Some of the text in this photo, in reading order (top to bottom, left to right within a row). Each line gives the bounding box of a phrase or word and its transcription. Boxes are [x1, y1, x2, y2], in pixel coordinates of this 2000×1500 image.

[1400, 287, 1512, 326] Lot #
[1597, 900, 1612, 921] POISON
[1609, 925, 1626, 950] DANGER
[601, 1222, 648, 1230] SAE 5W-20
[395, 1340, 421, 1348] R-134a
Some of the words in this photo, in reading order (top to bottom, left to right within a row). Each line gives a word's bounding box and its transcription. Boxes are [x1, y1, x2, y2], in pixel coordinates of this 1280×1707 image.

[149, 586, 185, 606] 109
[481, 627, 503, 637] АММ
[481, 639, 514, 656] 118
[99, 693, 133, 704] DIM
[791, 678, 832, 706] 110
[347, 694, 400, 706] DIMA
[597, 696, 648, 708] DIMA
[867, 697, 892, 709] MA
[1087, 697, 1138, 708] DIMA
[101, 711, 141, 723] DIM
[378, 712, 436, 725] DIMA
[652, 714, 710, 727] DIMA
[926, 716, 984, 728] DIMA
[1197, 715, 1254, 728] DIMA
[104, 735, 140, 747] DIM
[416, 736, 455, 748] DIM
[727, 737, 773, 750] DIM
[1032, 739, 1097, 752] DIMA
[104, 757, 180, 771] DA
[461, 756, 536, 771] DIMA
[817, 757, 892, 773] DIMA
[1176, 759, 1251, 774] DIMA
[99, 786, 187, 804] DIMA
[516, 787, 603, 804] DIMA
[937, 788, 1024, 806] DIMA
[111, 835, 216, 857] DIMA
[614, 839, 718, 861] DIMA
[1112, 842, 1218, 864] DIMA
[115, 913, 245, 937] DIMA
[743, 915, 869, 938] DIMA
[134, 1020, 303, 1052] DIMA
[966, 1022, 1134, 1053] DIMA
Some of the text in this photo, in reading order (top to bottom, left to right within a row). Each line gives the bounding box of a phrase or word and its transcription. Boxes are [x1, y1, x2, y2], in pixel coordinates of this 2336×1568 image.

————————

** EXERCISE **
Each record needs to be given again exactly.

** FINAL ANSWER **
Some of the text in this photo, in reading order (top to bottom, left to right within a row). Each line gives the bounding box of a phrase or word and its transcription. Boxes are [x1, y1, x2, y2], in pixel coordinates of this 2000×1500 image.

[1400, 287, 1512, 326] Lot #
[1597, 900, 1612, 921] POISON
[1609, 925, 1626, 950] DANGER
[601, 1222, 648, 1230] SAE 5W-20
[395, 1340, 421, 1348] R-134a
Some of the words in this photo, in reading order (top to bottom, left to right within a row). Each line gives a word's bounding box and its transcription. Boxes are [x1, y1, x2, y2], in pixel coordinates of this 1280×1707 image.

[149, 586, 185, 606] 109
[481, 627, 503, 637] АММ
[481, 639, 514, 656] 118
[99, 693, 133, 704] DIM
[791, 678, 832, 706] 110
[347, 694, 400, 706] DIMA
[597, 696, 648, 708] DIMA
[867, 697, 892, 709] MA
[1087, 697, 1138, 708] DIMA
[101, 711, 141, 723] DIM
[378, 712, 436, 725] DIMA
[652, 714, 710, 727] DIMA
[926, 716, 984, 728] DIMA
[1197, 715, 1254, 728] DIMA
[104, 735, 140, 747] DIM
[416, 736, 455, 748] DIM
[727, 737, 773, 750] DIM
[1032, 739, 1097, 752] DIMA
[104, 757, 180, 771] DA
[461, 756, 536, 771] DIMA
[817, 757, 892, 773] DIMA
[1176, 759, 1251, 774] DIMA
[99, 786, 187, 804] DIMA
[516, 787, 603, 804] DIMA
[937, 788, 1024, 806] DIMA
[111, 835, 216, 857] DIMA
[614, 839, 718, 861] DIMA
[1112, 842, 1218, 864] DIMA
[115, 913, 245, 937] DIMA
[743, 915, 869, 938] DIMA
[134, 1020, 303, 1052] DIMA
[966, 1022, 1134, 1053] DIMA
Some of the text in this photo, in reading order (top to bottom, left to right within a row). Each line gives the bounding box of a phrase or word and its transcription. Boxes are [x1, y1, x2, y2], in pixel coordinates of this 2336×1568 image.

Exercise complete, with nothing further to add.